YOUR OBJECTIVE: In your copy, reproduce each entry exactly and include no picture.

Image-backed grounding data:

........

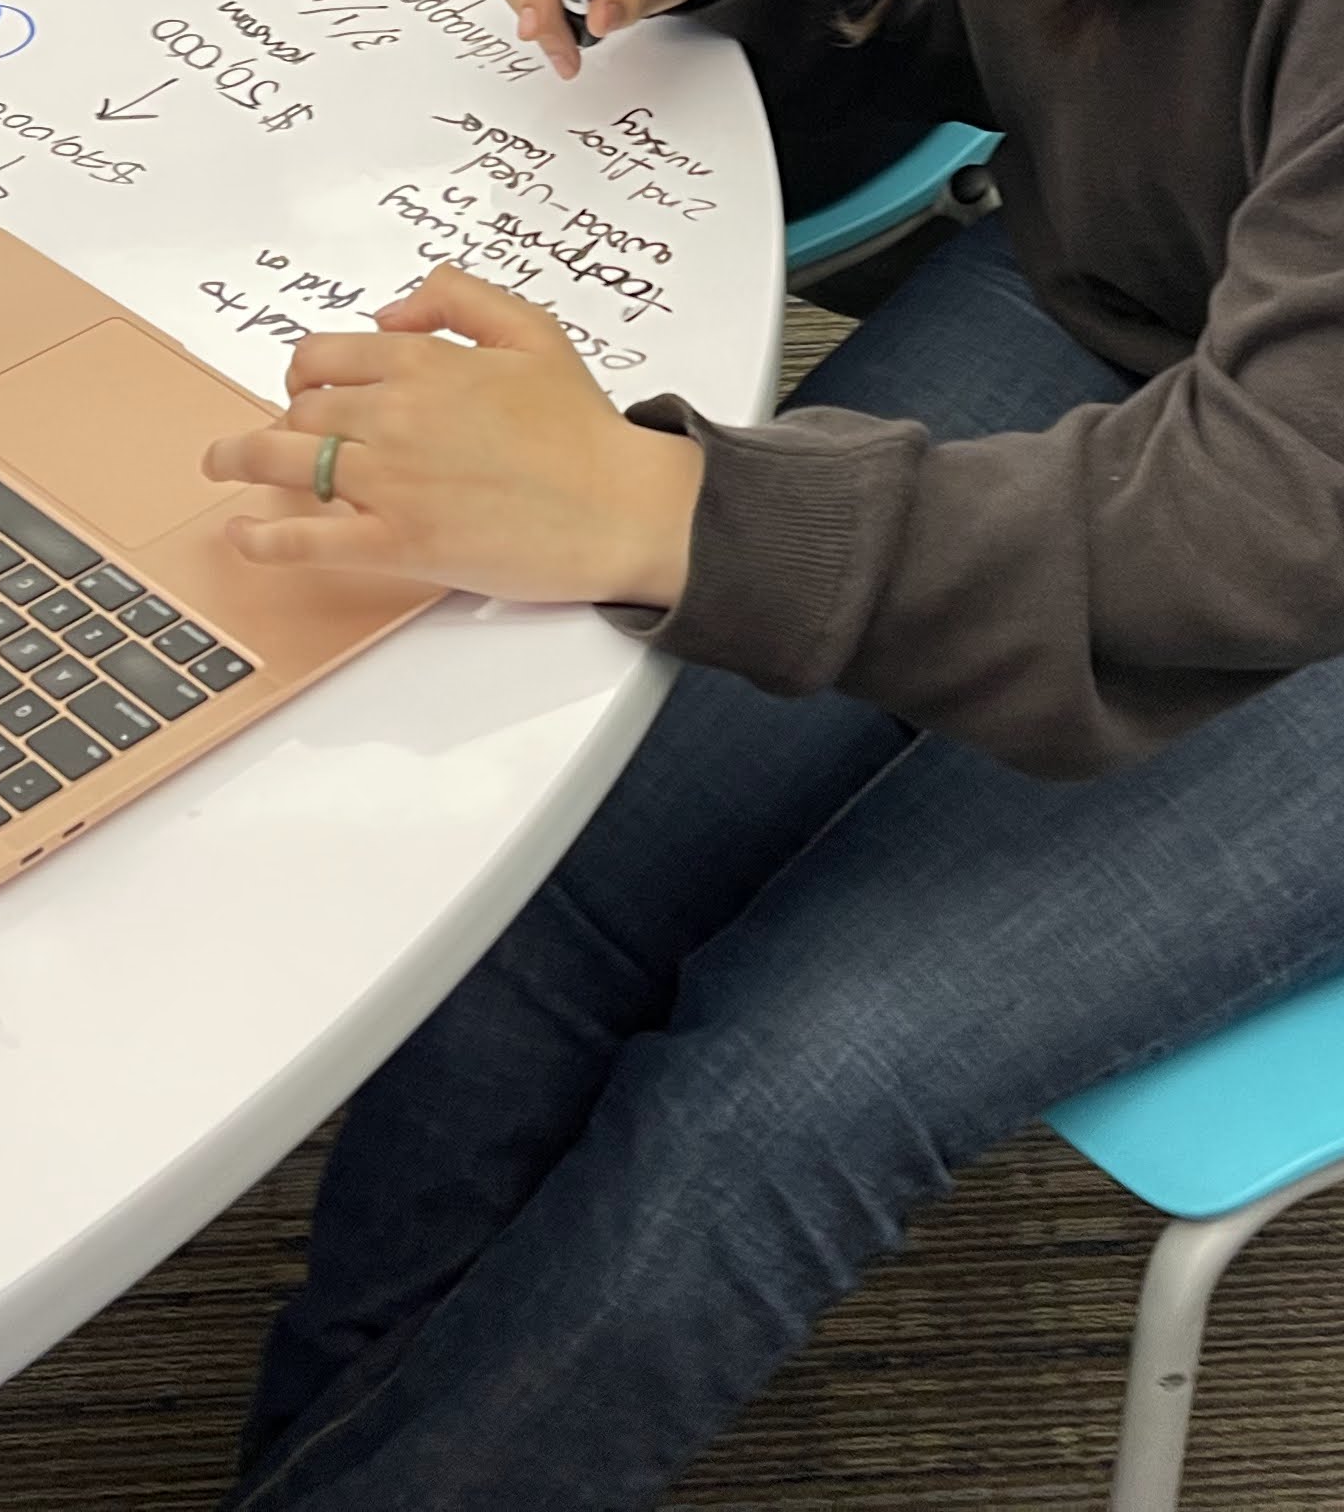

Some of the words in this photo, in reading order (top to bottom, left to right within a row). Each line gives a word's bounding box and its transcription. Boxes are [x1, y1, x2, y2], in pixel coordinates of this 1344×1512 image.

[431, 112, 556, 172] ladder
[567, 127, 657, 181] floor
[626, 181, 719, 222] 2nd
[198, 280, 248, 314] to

........

RESULT:
Some of the words in this photo, in reading order (top to bottom, left to right within a row). Each line gives a word's bounding box and its transcription. Boxes are [x1, y1, x2, y2], in pixel coordinates of this 1344×1512 image.

[431, 112, 556, 172] ladder
[567, 127, 657, 181] floor
[626, 181, 719, 222] 2nd
[198, 280, 248, 314] to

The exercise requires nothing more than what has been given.